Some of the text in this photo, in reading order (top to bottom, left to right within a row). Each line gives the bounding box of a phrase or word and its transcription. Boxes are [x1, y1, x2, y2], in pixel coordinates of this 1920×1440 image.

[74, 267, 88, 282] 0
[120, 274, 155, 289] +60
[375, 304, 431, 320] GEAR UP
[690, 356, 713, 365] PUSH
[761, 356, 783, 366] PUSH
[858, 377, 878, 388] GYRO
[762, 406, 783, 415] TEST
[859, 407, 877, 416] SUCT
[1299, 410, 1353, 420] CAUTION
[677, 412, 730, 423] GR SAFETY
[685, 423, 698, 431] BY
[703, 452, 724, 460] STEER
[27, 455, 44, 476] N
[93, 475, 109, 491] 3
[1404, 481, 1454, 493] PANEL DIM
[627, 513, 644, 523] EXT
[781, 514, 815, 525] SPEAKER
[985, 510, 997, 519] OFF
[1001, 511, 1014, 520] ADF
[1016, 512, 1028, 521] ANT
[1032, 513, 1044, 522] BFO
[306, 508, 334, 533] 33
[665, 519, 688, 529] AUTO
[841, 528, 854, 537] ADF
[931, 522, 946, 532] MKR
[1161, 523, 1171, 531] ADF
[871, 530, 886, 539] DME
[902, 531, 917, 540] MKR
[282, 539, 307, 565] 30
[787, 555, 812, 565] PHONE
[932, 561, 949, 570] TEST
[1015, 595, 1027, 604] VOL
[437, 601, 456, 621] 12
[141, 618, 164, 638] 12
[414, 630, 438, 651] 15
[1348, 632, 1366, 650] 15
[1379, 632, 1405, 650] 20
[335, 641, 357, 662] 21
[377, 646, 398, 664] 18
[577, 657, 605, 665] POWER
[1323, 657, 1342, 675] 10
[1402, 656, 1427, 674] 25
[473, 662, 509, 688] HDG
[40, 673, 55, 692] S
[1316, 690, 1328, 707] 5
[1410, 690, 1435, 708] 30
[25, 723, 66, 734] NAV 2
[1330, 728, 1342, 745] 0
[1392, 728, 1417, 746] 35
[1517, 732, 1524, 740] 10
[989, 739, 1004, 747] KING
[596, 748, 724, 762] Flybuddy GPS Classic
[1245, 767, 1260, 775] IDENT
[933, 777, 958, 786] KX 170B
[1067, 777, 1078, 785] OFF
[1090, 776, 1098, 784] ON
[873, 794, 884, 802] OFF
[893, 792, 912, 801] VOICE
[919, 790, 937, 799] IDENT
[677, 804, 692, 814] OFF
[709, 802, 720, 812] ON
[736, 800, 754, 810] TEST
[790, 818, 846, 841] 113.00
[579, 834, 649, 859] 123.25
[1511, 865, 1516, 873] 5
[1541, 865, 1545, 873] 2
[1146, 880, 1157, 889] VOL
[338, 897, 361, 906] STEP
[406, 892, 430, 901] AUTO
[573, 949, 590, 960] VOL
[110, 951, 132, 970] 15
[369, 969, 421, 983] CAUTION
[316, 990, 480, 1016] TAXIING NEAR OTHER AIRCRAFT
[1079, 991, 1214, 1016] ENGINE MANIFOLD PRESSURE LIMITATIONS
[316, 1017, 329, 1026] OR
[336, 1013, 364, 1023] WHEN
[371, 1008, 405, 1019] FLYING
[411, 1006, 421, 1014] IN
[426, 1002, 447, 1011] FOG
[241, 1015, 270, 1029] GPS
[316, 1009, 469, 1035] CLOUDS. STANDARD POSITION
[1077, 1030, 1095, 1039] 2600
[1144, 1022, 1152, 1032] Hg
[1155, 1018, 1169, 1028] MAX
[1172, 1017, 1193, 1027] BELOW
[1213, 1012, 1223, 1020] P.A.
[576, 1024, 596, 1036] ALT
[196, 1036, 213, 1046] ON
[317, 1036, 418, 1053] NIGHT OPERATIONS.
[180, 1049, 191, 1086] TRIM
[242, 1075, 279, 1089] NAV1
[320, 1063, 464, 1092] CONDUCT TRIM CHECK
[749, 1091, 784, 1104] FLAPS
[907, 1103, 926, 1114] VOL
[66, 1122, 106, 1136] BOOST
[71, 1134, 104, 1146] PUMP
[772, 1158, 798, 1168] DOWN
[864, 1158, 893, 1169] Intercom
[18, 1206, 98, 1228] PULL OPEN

◆ DIRECTIONS:
Your job is to output all of the material exactly.

◆ YOUR SOLUTION:
Some of the text in this photo, in reading order (top to bottom, left to right within a row). Each line gives the bounding box of a phrase or word and its transcription. Boxes are [x1, y1, x2, y2], in pixel coordinates of this 1920×1440 image.

[74, 267, 88, 282] 0
[120, 274, 155, 289] +60
[375, 304, 431, 320] GEAR UP
[690, 356, 713, 365] PUSH
[761, 356, 783, 366] PUSH
[858, 377, 878, 388] GYRO
[762, 406, 783, 415] TEST
[859, 407, 877, 416] SUCT
[1299, 410, 1353, 420] CAUTION
[677, 412, 730, 423] GR SAFETY
[685, 423, 698, 431] BY
[703, 452, 724, 460] STEER
[27, 455, 44, 476] N
[93, 475, 109, 491] 3
[1404, 481, 1454, 493] PANEL DIM
[627, 513, 644, 523] EXT
[781, 514, 815, 525] SPEAKER
[985, 510, 997, 519] OFF
[1001, 511, 1014, 520] ADF
[1016, 512, 1028, 521] ANT
[1032, 513, 1044, 522] BFO
[306, 508, 334, 533] 33
[665, 519, 688, 529] AUTO
[841, 528, 854, 537] ADF
[931, 522, 946, 532] MKR
[1161, 523, 1171, 531] ADF
[871, 530, 886, 539] DME
[902, 531, 917, 540] MKR
[282, 539, 307, 565] 30
[787, 555, 812, 565] PHONE
[932, 561, 949, 570] TEST
[1015, 595, 1027, 604] VOL
[437, 601, 456, 621] 12
[141, 618, 164, 638] 12
[414, 630, 438, 651] 15
[1348, 632, 1366, 650] 15
[1379, 632, 1405, 650] 20
[335, 641, 357, 662] 21
[377, 646, 398, 664] 18
[577, 657, 605, 665] POWER
[1323, 657, 1342, 675] 10
[1402, 656, 1427, 674] 25
[473, 662, 509, 688] HDG
[40, 673, 55, 692] S
[1316, 690, 1328, 707] 5
[1410, 690, 1435, 708] 30
[25, 723, 66, 734] NAV 2
[1330, 728, 1342, 745] 0
[1392, 728, 1417, 746] 35
[1517, 732, 1524, 740] 10
[989, 739, 1004, 747] KING
[596, 748, 724, 762] Flybuddy GPS Classic
[1245, 767, 1260, 775] IDENT
[933, 777, 958, 786] KX 170B
[1067, 777, 1078, 785] OFF
[1090, 776, 1098, 784] ON
[873, 794, 884, 802] OFF
[893, 792, 912, 801] VOICE
[919, 790, 937, 799] IDENT
[677, 804, 692, 814] OFF
[709, 802, 720, 812] ON
[736, 800, 754, 810] TEST
[790, 818, 846, 841] 113.00
[579, 834, 649, 859] 123.25
[1511, 865, 1516, 873] 5
[1541, 865, 1545, 873] 2
[1146, 880, 1157, 889] VOL
[338, 897, 361, 906] STEP
[406, 892, 430, 901] AUTO
[573, 949, 590, 960] VOL
[110, 951, 132, 970] 15
[369, 969, 421, 983] CAUTION
[316, 990, 480, 1016] TAXIING NEAR OTHER AIRCRAFT
[1079, 991, 1214, 1016] ENGINE MANIFOLD PRESSURE LIMITATIONS
[316, 1017, 329, 1026] OR
[336, 1013, 364, 1023] WHEN
[371, 1008, 405, 1019] FLYING
[411, 1006, 421, 1014] IN
[426, 1002, 447, 1011] FOG
[241, 1015, 270, 1029] GPS
[316, 1009, 469, 1035] CLOUDS. STANDARD POSITION
[1077, 1030, 1095, 1039] 2600
[1144, 1022, 1152, 1032] Hg
[1155, 1018, 1169, 1028] MAX
[1172, 1017, 1193, 1027] BELOW
[1213, 1012, 1223, 1020] P.A.
[576, 1024, 596, 1036] ALT
[196, 1036, 213, 1046] ON
[317, 1036, 418, 1053] NIGHT OPERATIONS.
[180, 1049, 191, 1086] TRIM
[242, 1075, 279, 1089] NAV1
[320, 1063, 464, 1092] CONDUCT TRIM CHECK
[749, 1091, 784, 1104] FLAPS
[907, 1103, 926, 1114] VOL
[66, 1122, 106, 1136] BOOST
[71, 1134, 104, 1146] PUMP
[772, 1158, 798, 1168] DOWN
[864, 1158, 893, 1169] Intercom
[18, 1206, 98, 1228] PULL OPEN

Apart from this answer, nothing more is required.